-------- Supplied records

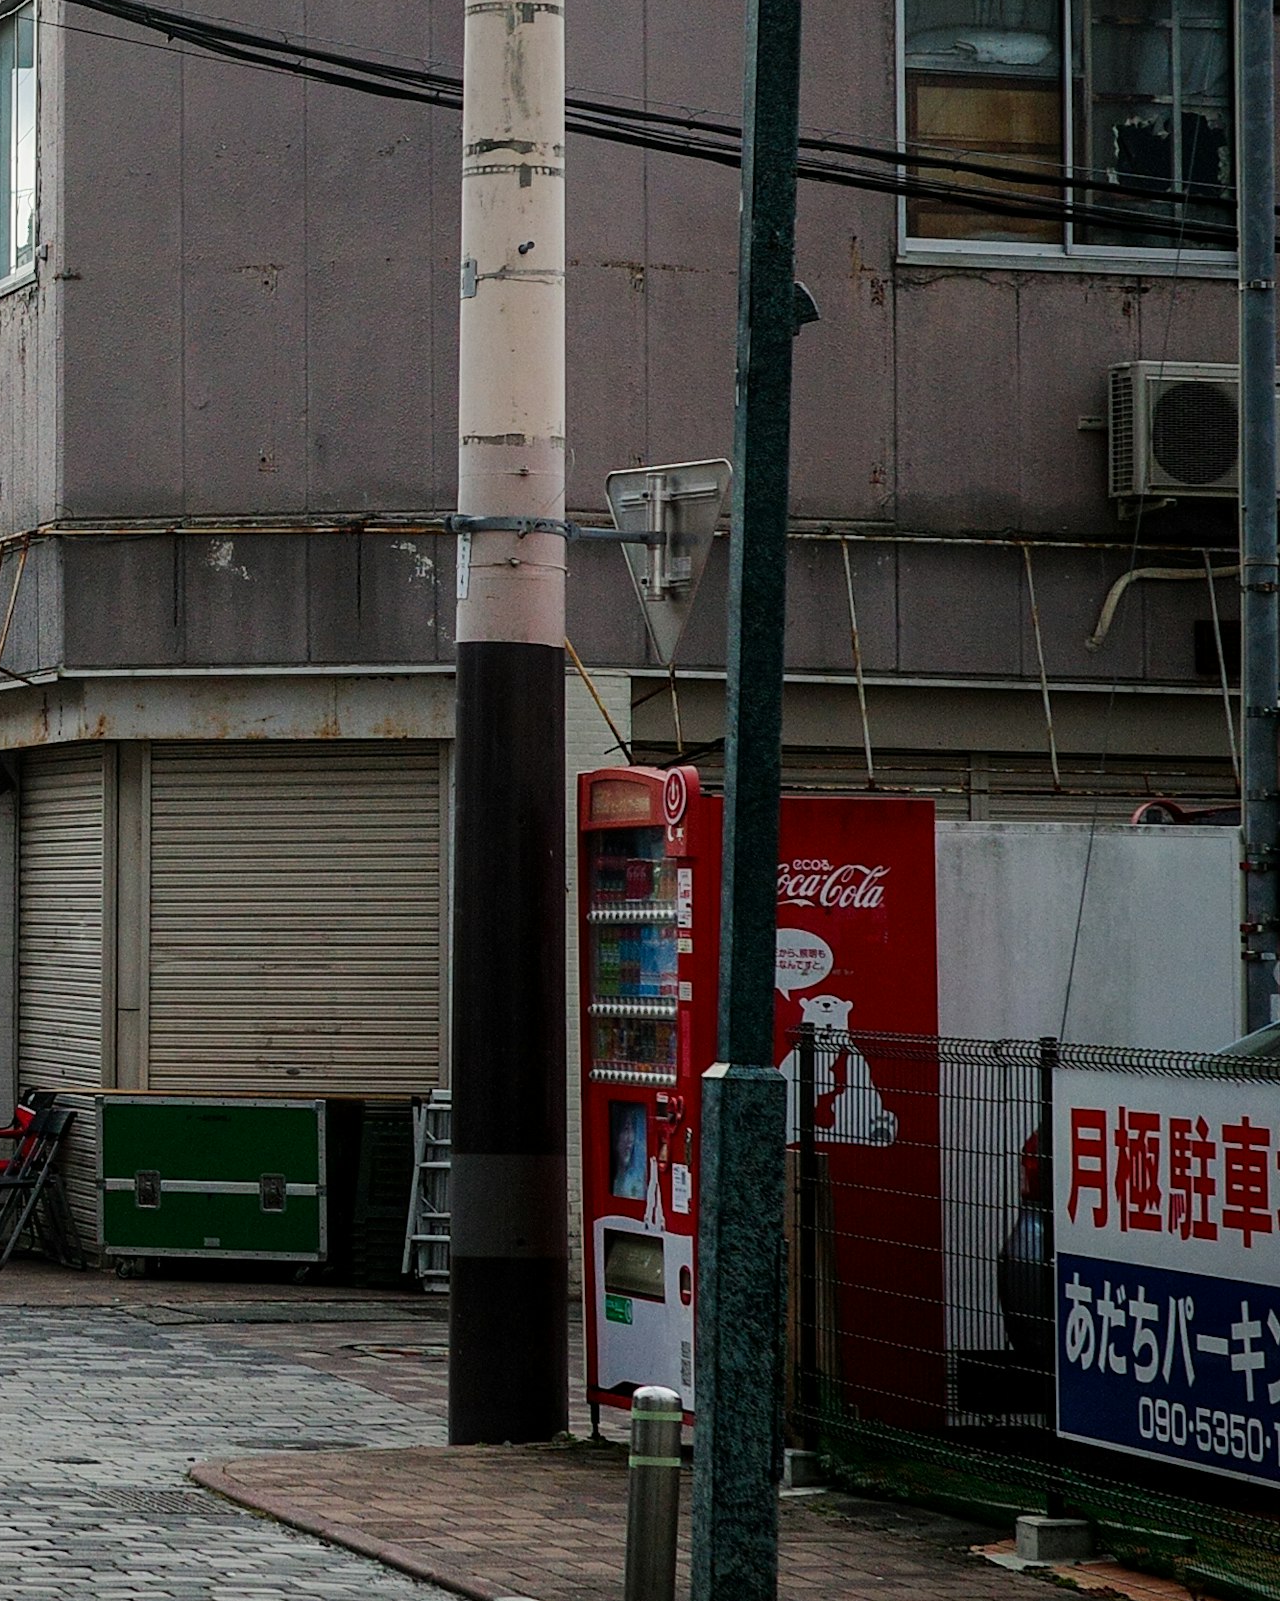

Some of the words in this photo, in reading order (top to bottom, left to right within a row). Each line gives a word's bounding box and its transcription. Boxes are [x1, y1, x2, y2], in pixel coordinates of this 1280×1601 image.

[776, 960, 824, 970] なんですと。
[1066, 1106, 1280, 1249] 月極駐車
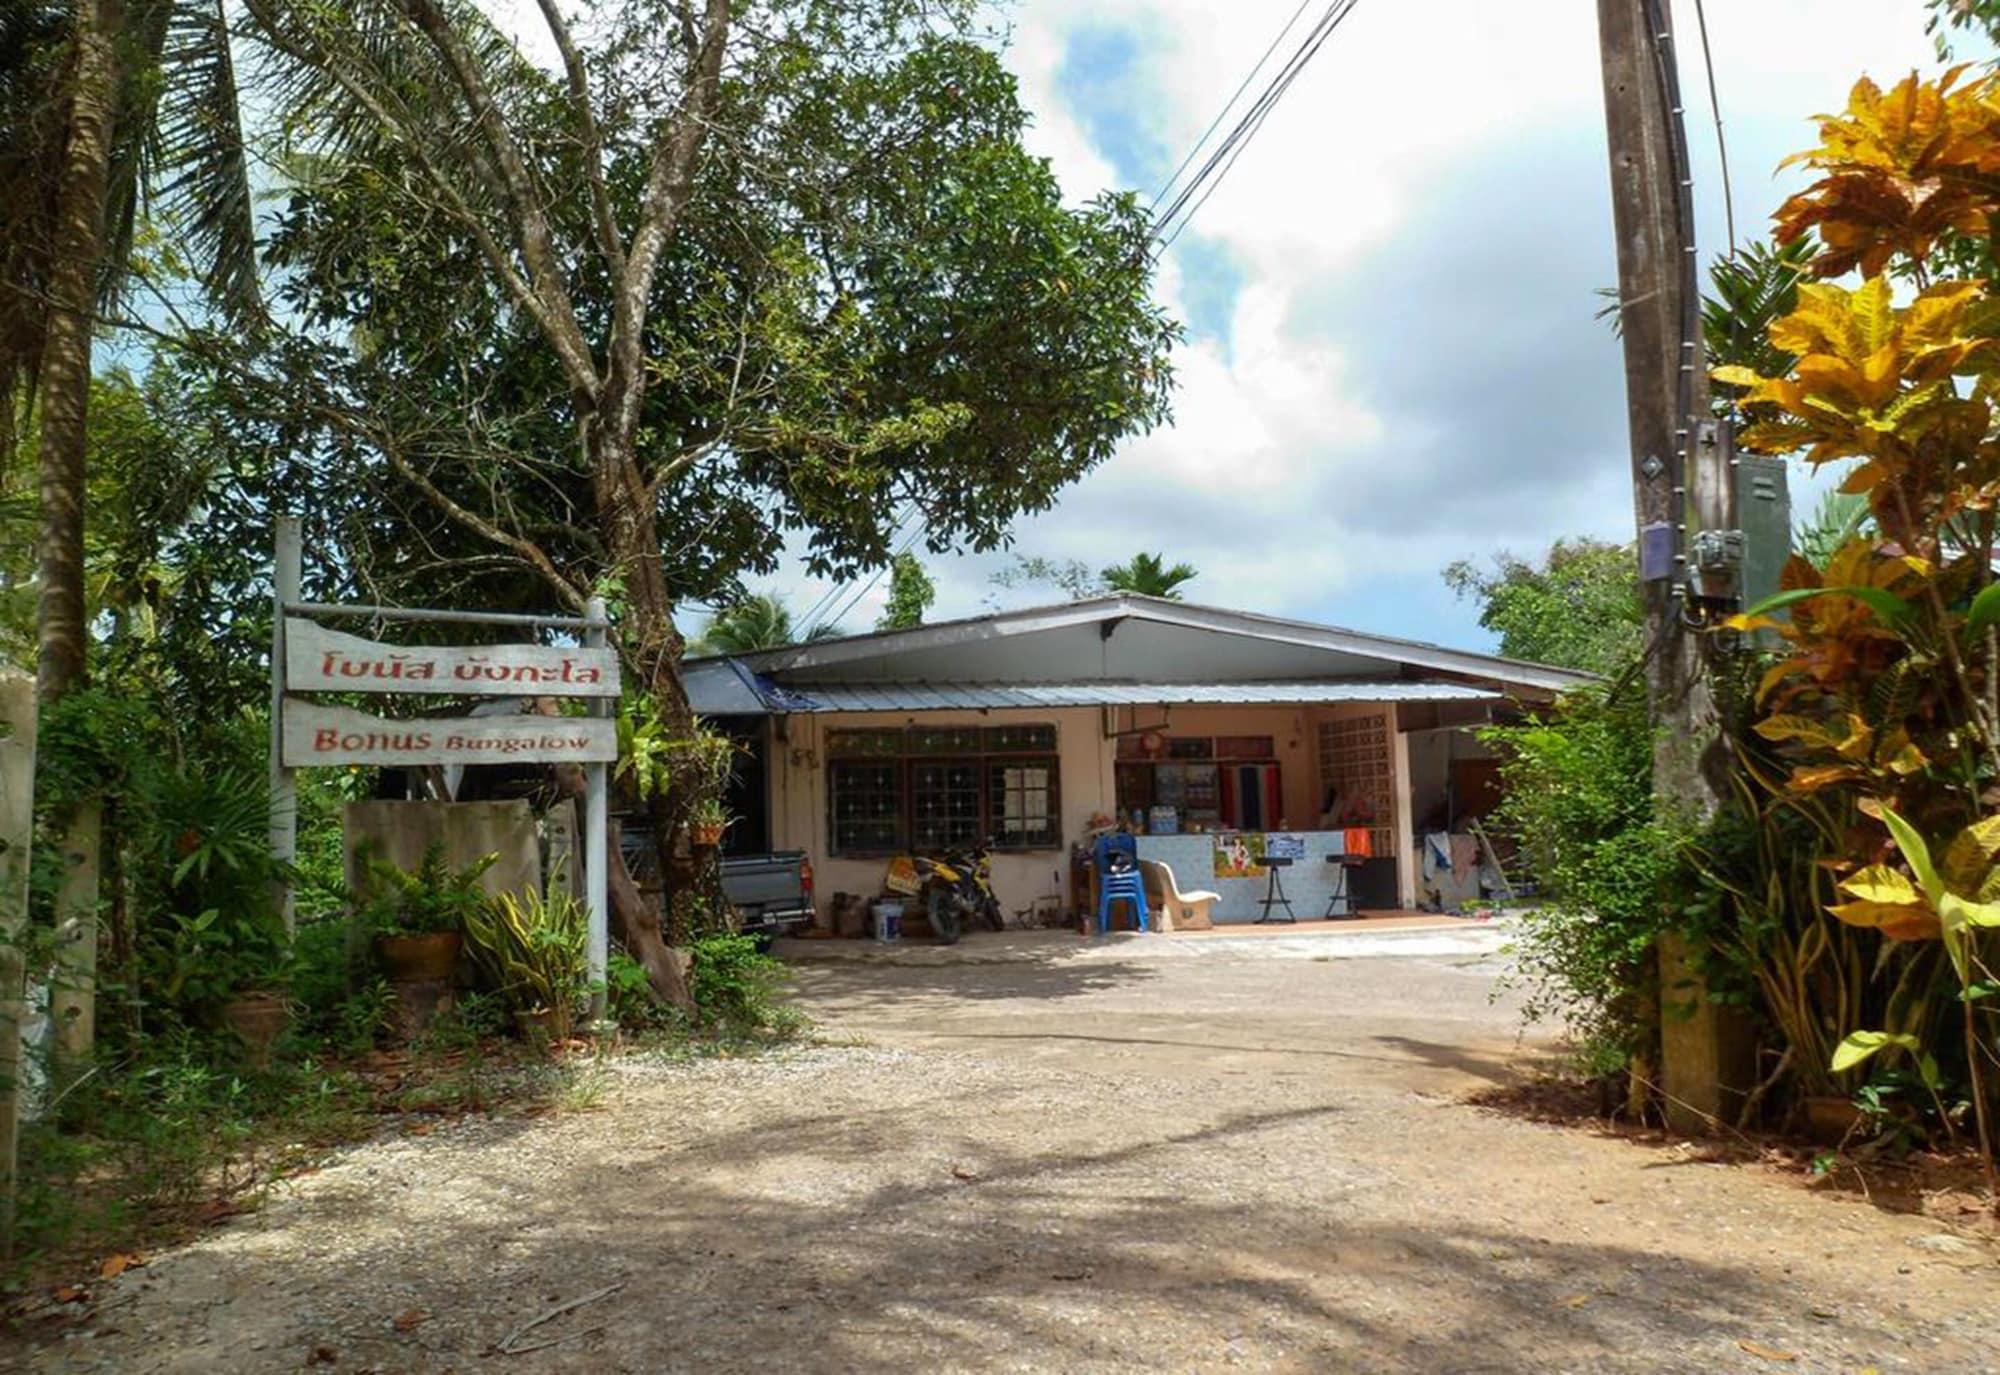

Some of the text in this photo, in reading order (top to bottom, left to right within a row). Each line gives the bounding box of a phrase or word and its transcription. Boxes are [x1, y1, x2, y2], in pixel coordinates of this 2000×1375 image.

[322, 651, 600, 683] โบนัส บังกะโล
[314, 729, 592, 753] Bonus Bungalow
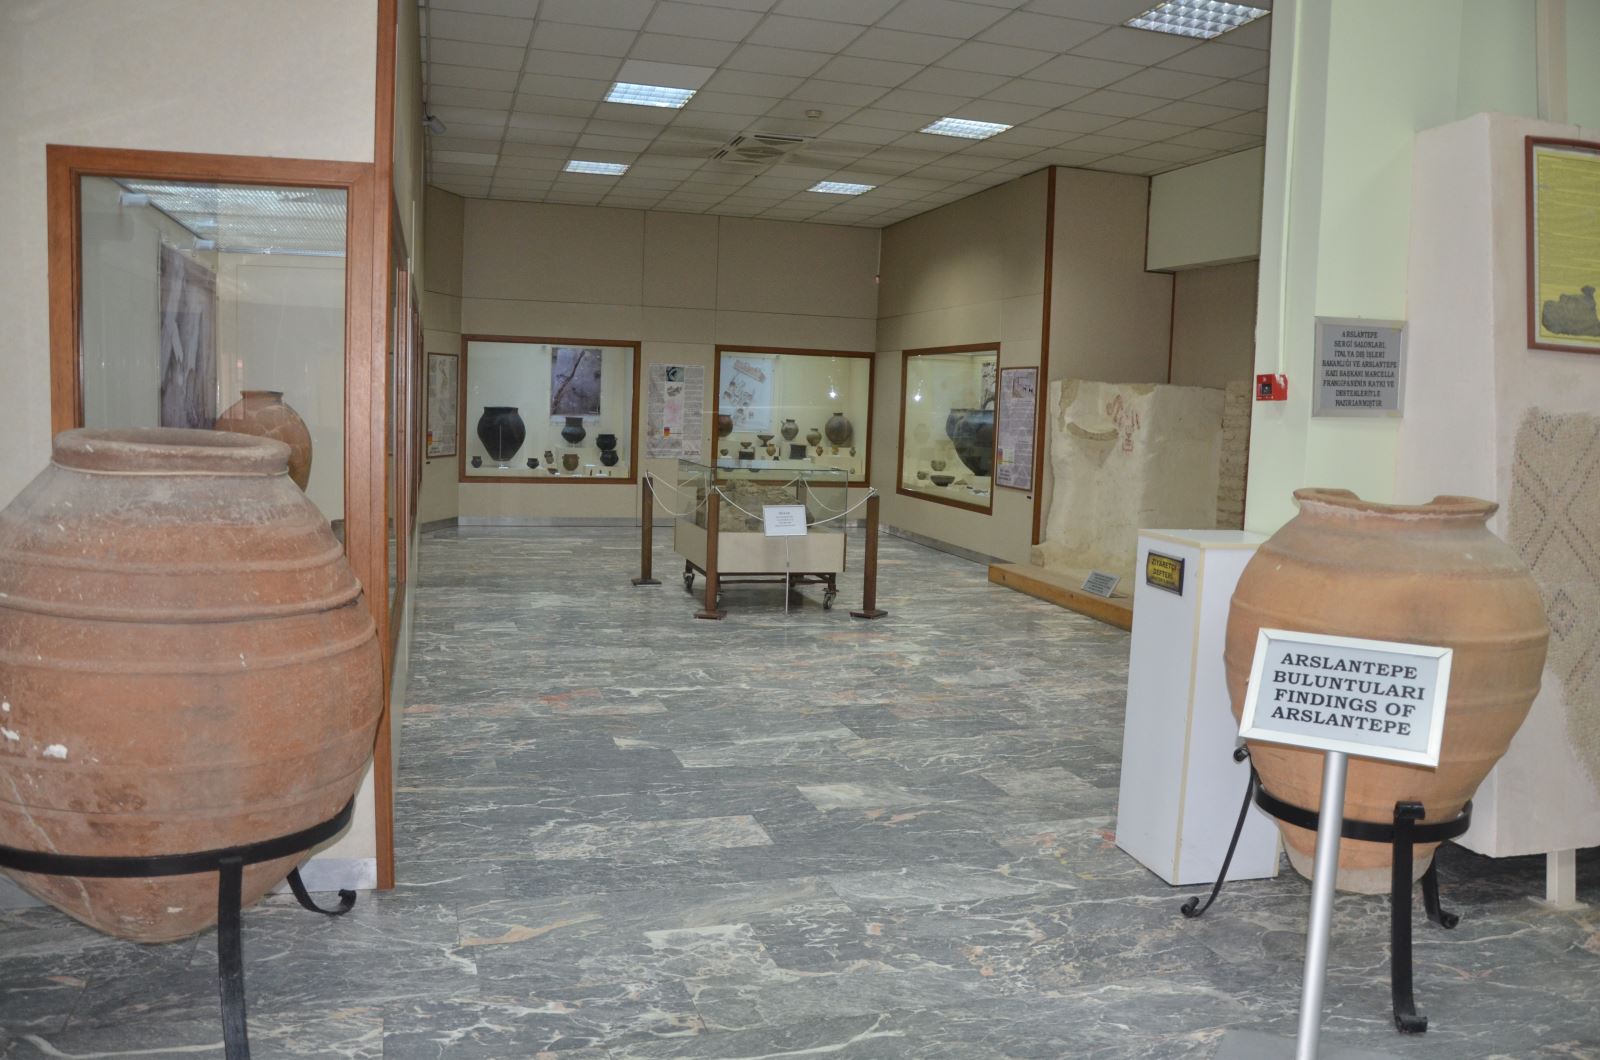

----------------

#### [About this exercise]
Return all records exactly; no pictures.

#### [Finished task]
Some of the words in this photo, in reading order (top to bottom, left to right within a row). Each line gives a word's bounding box and its transcription. Boxes are [x1, y1, x2, y2], in pixel coordinates of this 1280×1601 image.

[776, 960, 824, 970] なんですと。
[1066, 1106, 1280, 1249] 月極駐車

Some of the text in this photo, in reading order (top to bottom, left to right within a row). Each line gives the bounding box of a phrase or word and its transcription. Boxes are [x1, y1, x2, y2], in pixel coordinates of this 2000×1375 image.

[322, 651, 600, 683] โบนัส บังกะโล
[314, 729, 592, 753] Bonus Bungalow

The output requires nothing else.